With elite hacker friends like these, who needs Anonymous? These folks will hack the Pentagon and get away with it, scot- free . . . or so they think. Field reporter, ethical researcher and all-around swell guy doxbin has accrued enough information to note that the majority of the members is located within the friendly confines of Canada, a well known bastion for hackers/freedom fighters everywhere.
Or is it really?
In a previous exposé, Internet Chronicle resident Anonymous expert Kilgoar reported PLF (Peoples Liberation Front) leader and Anonymous figurehead Commander X is in fact a Homeland Security Department plant who resides in Canada after “escaping” the clutches of the “Fids.” So why Canada? We spoke with Aaron Bale about this and he believes it to be a psy-op, perpetuated by Cyber Command in conjunction with the CIA, which cannot operate on domestic soil. Essentially, NullCrew is trying to kill Mr. Bale.

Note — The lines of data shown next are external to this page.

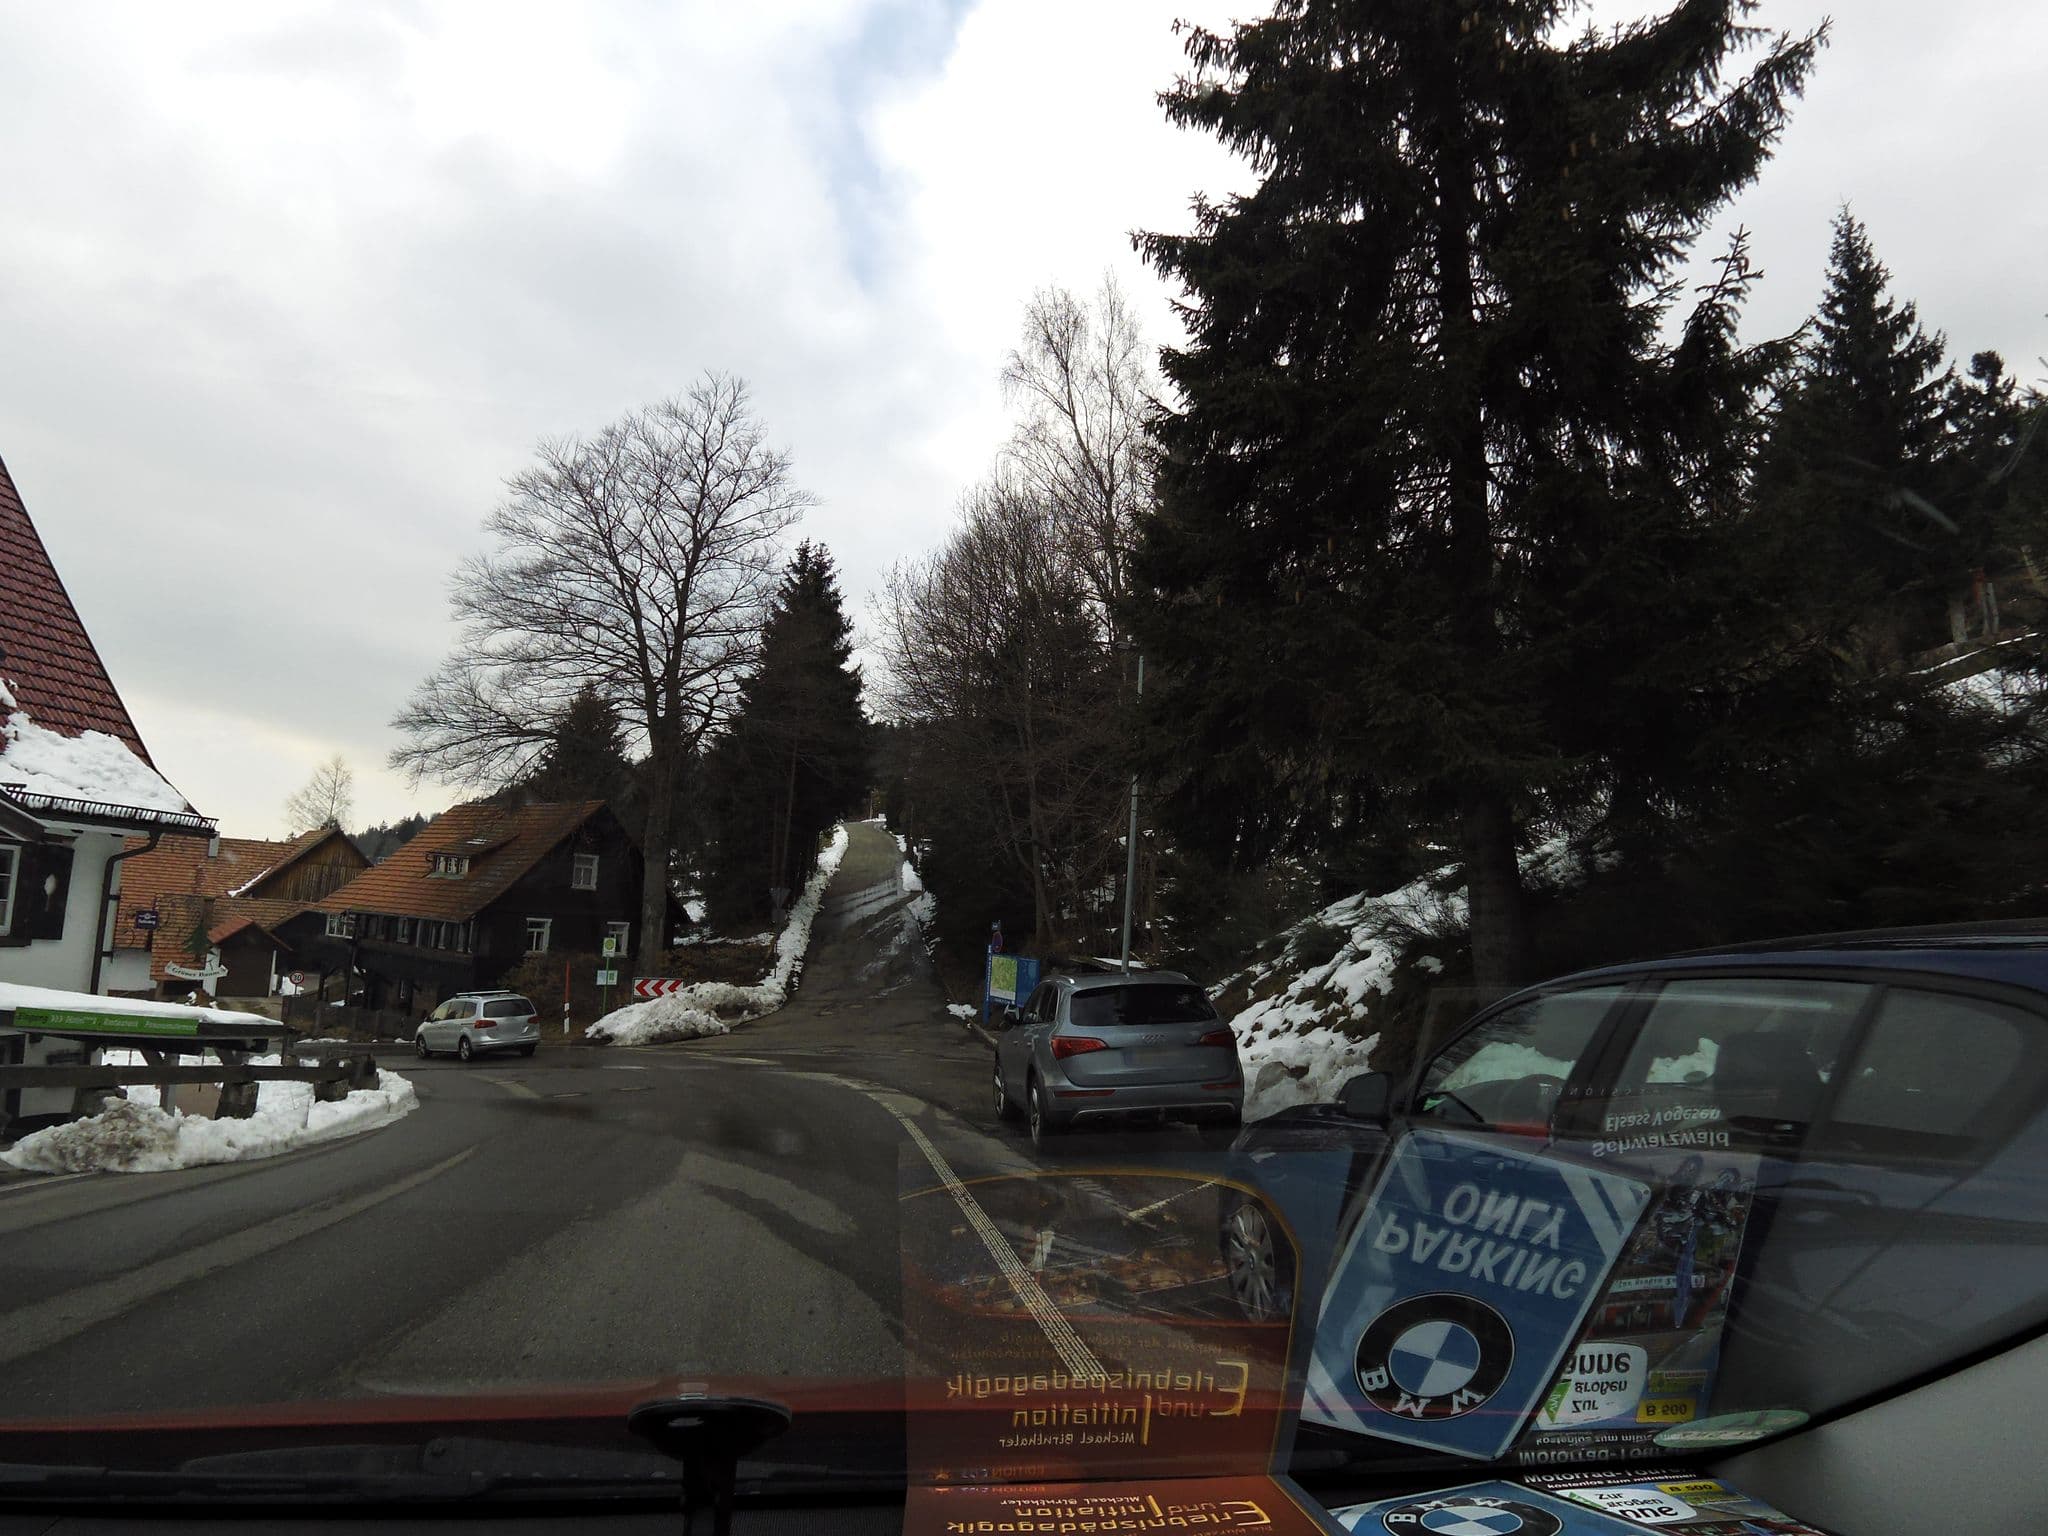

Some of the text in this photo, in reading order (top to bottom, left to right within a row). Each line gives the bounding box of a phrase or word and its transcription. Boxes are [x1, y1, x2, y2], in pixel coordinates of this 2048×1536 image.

[1547, 1473, 1697, 1489] kostenlos zum mitnehmen
[1686, 1484, 1712, 1492] 500
[1083, 1495, 1140, 1506] Michael
[1598, 1492, 1625, 1501] Zur
[1606, 1498, 1665, 1509] großen
[1014, 1494, 1217, 1519] und Initiation
[1388, 1496, 1513, 1524] BMW
[1619, 1505, 1679, 1519] nne
[947, 1500, 1271, 1534] Erlebnispädagogik
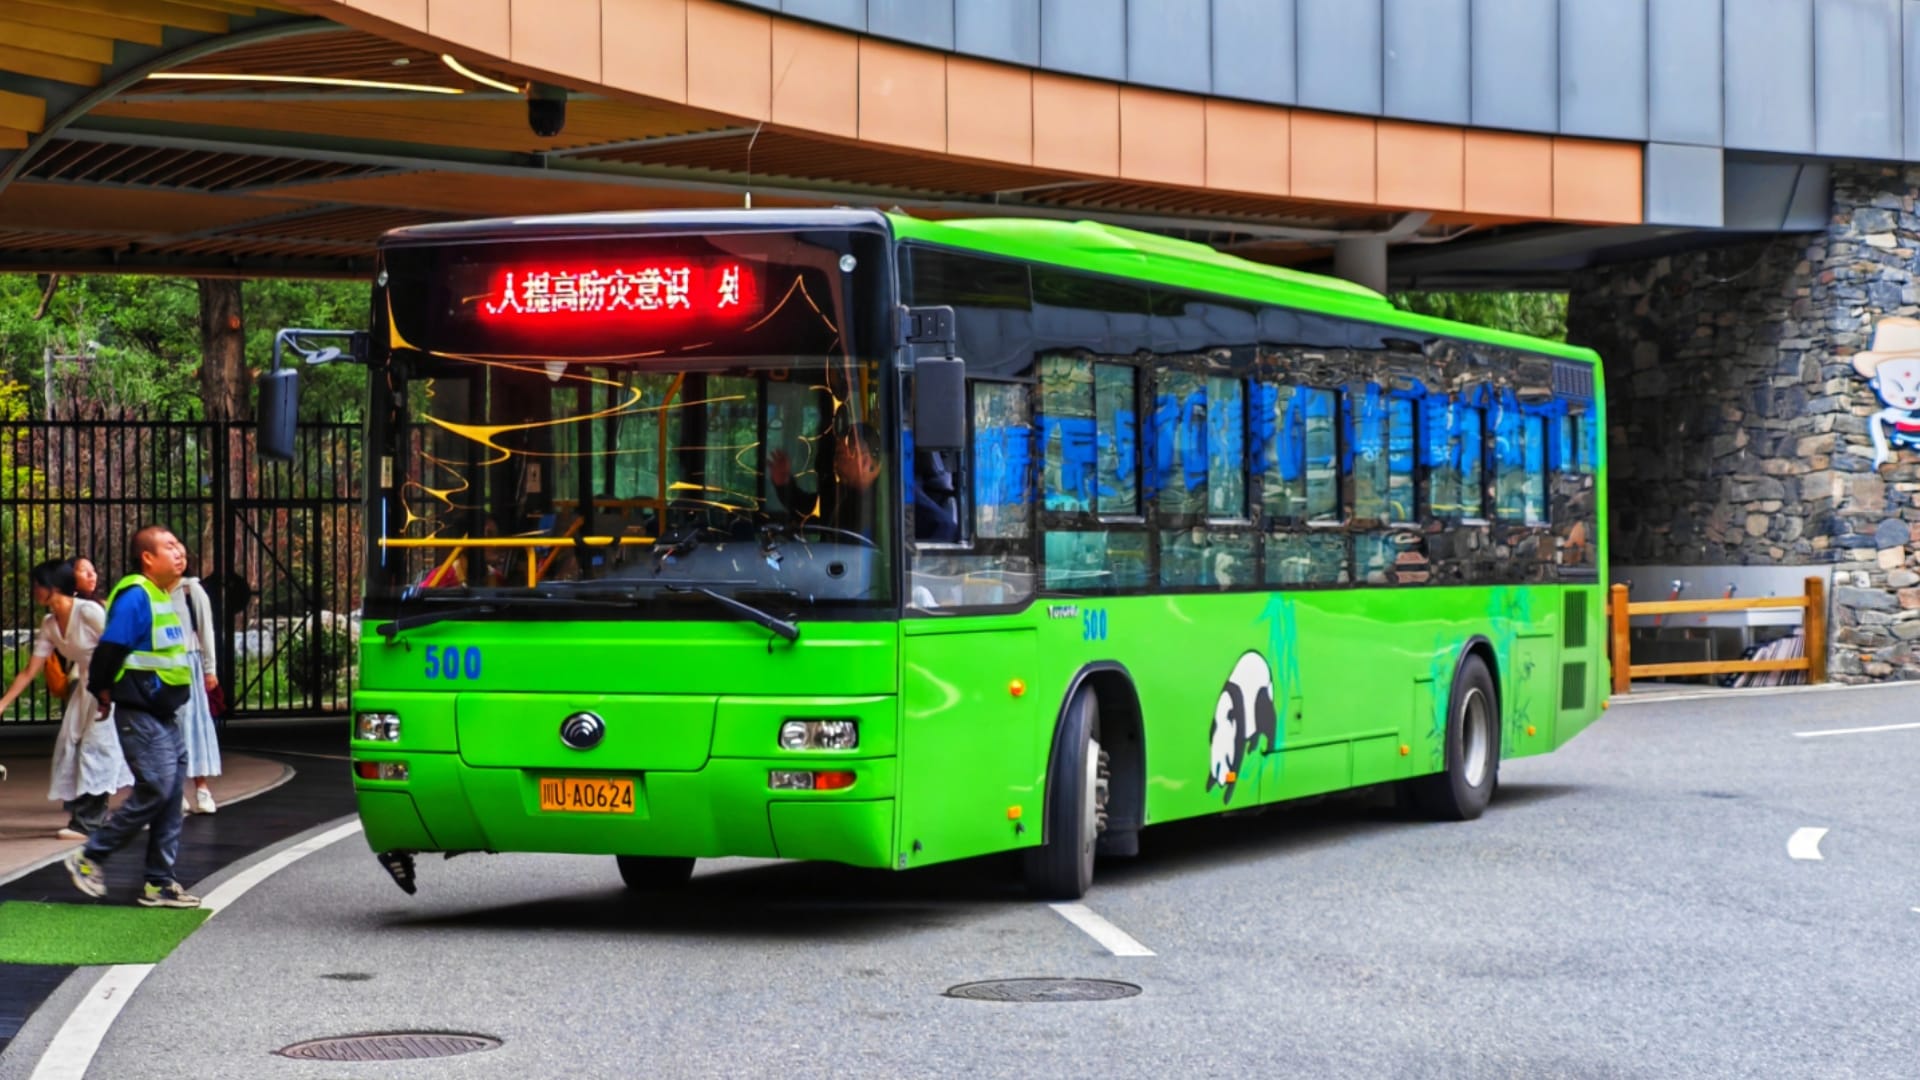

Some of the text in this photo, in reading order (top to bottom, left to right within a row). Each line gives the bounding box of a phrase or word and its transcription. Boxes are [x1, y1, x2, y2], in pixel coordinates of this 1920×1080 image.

[485, 267, 691, 314] 人提高防灾意识
[1083, 607, 1107, 641] 500
[424, 644, 482, 680] 500
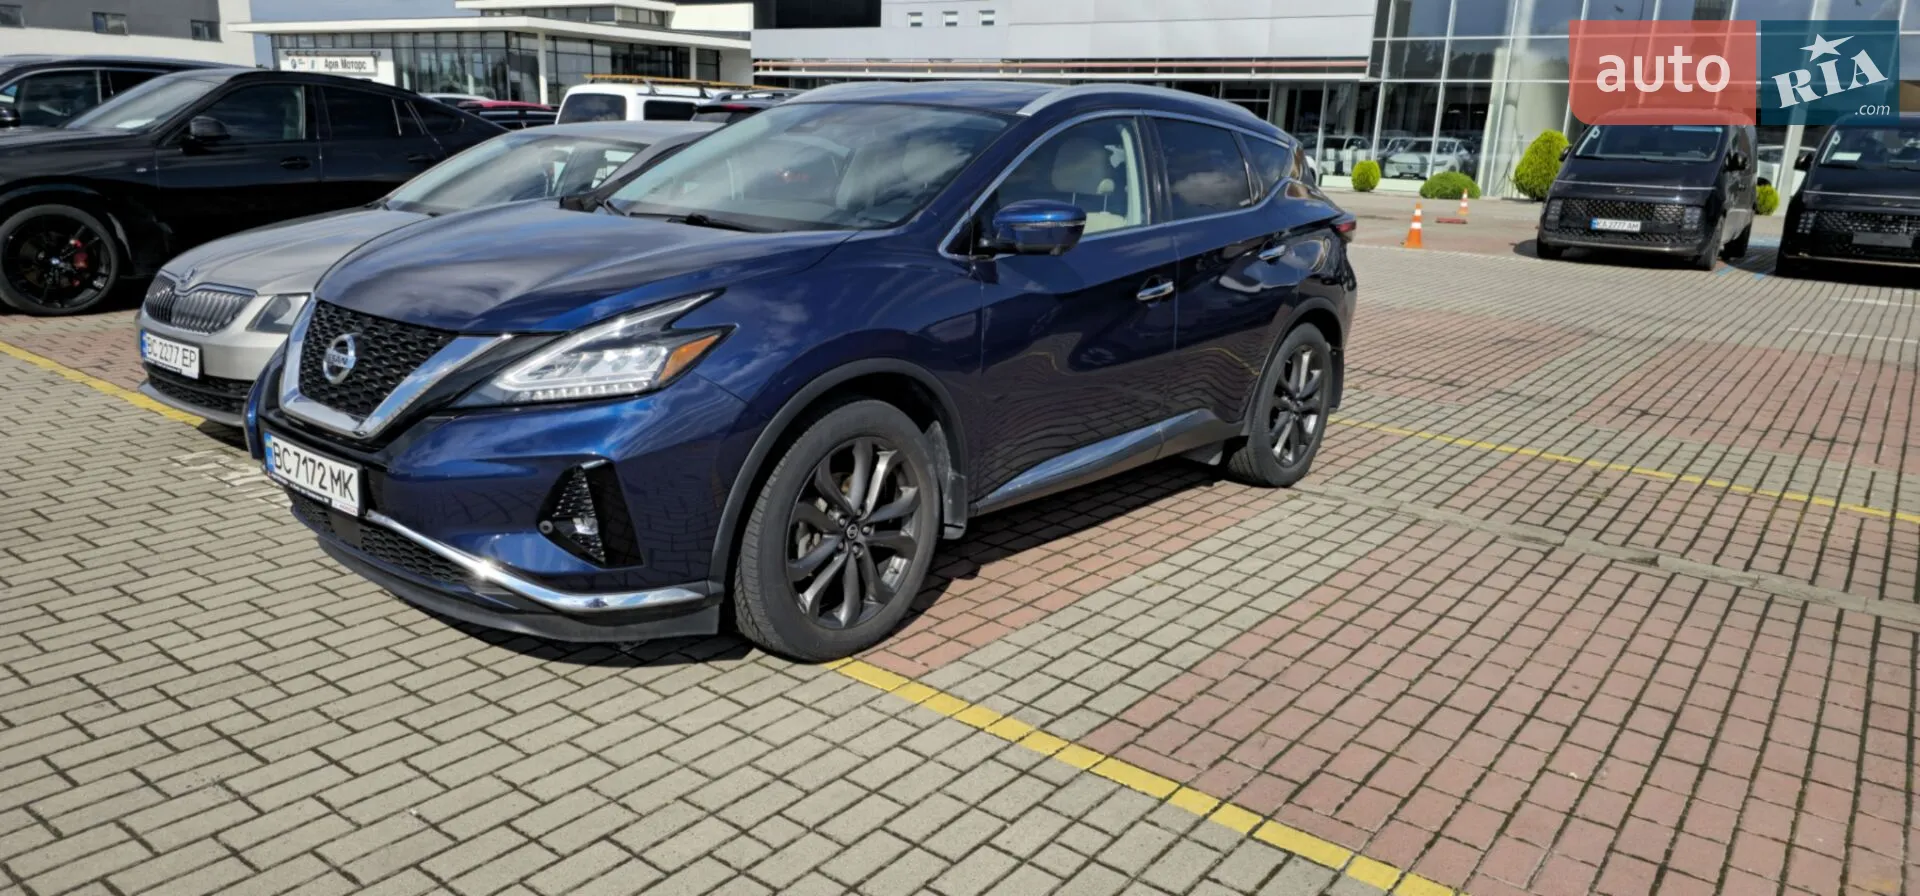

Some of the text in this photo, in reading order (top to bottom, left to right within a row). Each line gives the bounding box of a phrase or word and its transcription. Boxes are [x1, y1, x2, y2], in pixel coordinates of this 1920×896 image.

It’s the only plausible answer.
Technology reporter and reigning King of the Ring™ Champion, Danny, had a chance to catch up with ShaggyTheAngel, Anonymous co-leader, voxanon ircop and owner of freeanons.info to ask him about the NullCrew’s latest threats and how Anonymous might be able to one-up them:
(5:19:17 PM) email@example.com: you want the keys?
(5:19:22 PM) Danny the King of Tommy Hillnigger: not rly
(5:19:42 PM) firstname.lastname@example.org: because those are real warheads man
(5:19:45 PM) Danny the King of Tommy Hillnigger: idc
(5:20:00 PM) email@example.com: you know where theay are aimed?
(5:20:04 PM) Danny the King of Tommy Hillnigger: idc
(5:20:05 PM) firstname.lastname@example.org: Which one is going where?
(5:20:07 PM) Danny the King of Tommy Hillnigger: idc
(5:20:15 PM) email@example.com: NYC
(5:20:17 PM) firstname.lastname@example.org: DC
(5:20:18 PM) Danny the King of Tommy Hillnigger: cool story
(5:20:23 PM) email@example.com: and nevada
(5:20:26 PM) Danny the King of Tommy Hillnigger: rofl
(5:20:29 PM) Danny the King of Tommy Hillnigger: nevada
(5:20:34 PM) firstname.lastname@example.org: navada
(5:20:47 PM) email@example.com: I can code java but spelling is off
(5:20:52 PM) firstname.lastname@example.org: go figure huh?
(5:21:12 PM) Danny the King of Tommy Hillnigger: im reporting you for
(5:21:25 PM) email@example.com: oh so now you are scared
(5:21:30 PM) Danny the King of Tommy Hillnigger: not rly idc”
It’s clear to this intrepid reporter that there is a civil war amongst rival hacker gangs a’brewin’, and we may all pay the price. Soon.
All that really needs to be said about this group of the worlds greatest hackers/Psy-op commandos, NullCrew, can be summed up by a quote from them at the beginning of the E Hacking News interview:
These servers are a part of the system, a system which is ran by
corrupt rich assholes. They mostly use their money for themself,
No donations to the people who need the money, and if they do; it’s just
so people look at them in a kinder way, only for publicity.
wisc.edu Became a target when they commited [sic] Animal Cruelty.
You may be asking yourself: What does the Caturday at University of Wisconsin have to do with taking down “rich assholes?” The answer lies in an obscure yet poignant quote from current Philadelphia Eagles Quarterback Michael Vick, as years ago he was being dragged out of the Mississippi Bulldogs locker-room (later being charged with disorderly conduct): “I’d do it all again if it wasn’t for that meddling NullCrew!”